• Records for this task:
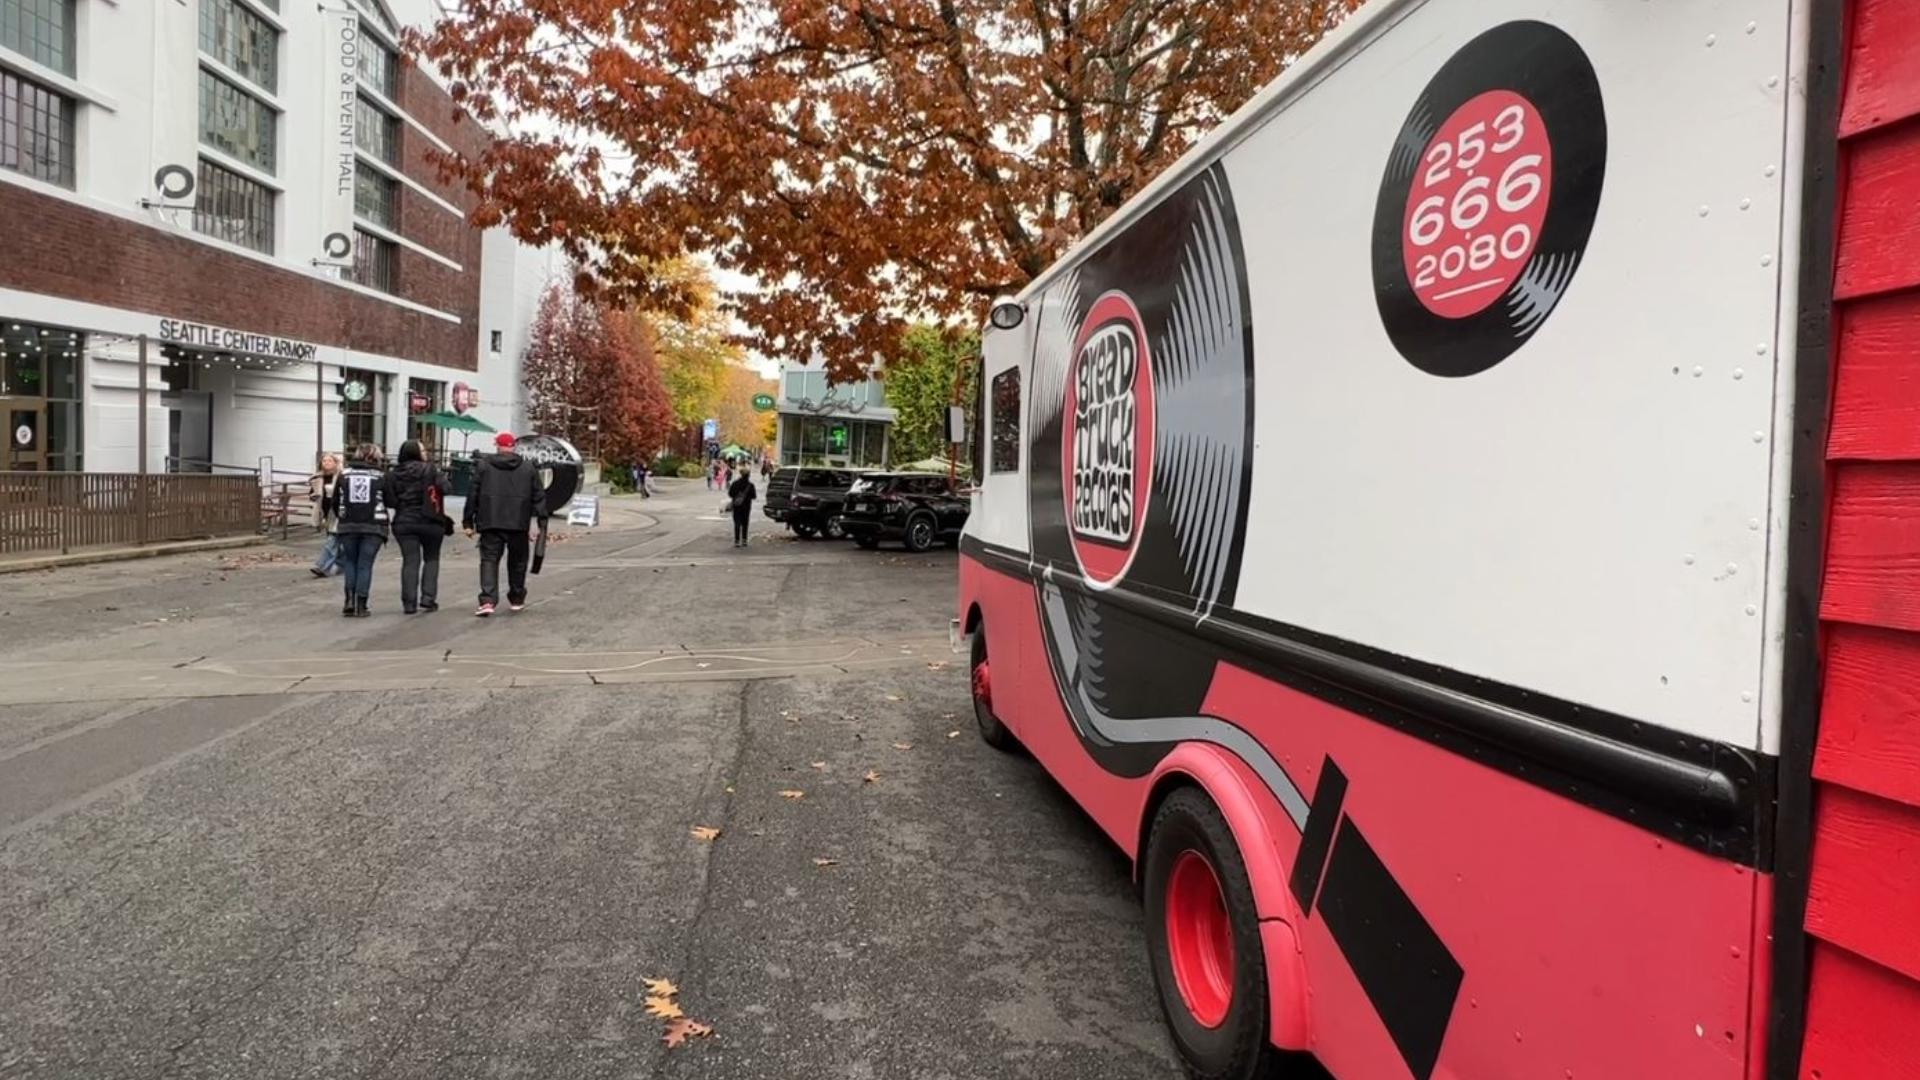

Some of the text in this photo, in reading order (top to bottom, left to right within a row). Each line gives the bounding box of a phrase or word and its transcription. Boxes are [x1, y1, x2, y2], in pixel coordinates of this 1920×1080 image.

[338, 17, 356, 197] FOOD & EVENT HALL
[1424, 104, 1525, 189] 253
[1409, 154, 1543, 246] 666
[1414, 223, 1531, 289] 2080
[160, 319, 317, 360] SEATTLE CENTER ARMORY

• Task to complete: When you reproduce the material, keep every word exact and leave each picture out.

• Result of the exercise:
Some of the text in this photo, in reading order (top to bottom, left to right within a row). Each line gives the bounding box of a phrase or word and its transcription. Boxes are [x1, y1, x2, y2], in pixel coordinates of this 1920×1080 image.

[338, 17, 356, 197] FOOD & EVENT HALL
[1424, 104, 1525, 189] 253
[1409, 154, 1543, 246] 666
[1414, 223, 1531, 289] 2080
[160, 319, 317, 360] SEATTLE CENTER ARMORY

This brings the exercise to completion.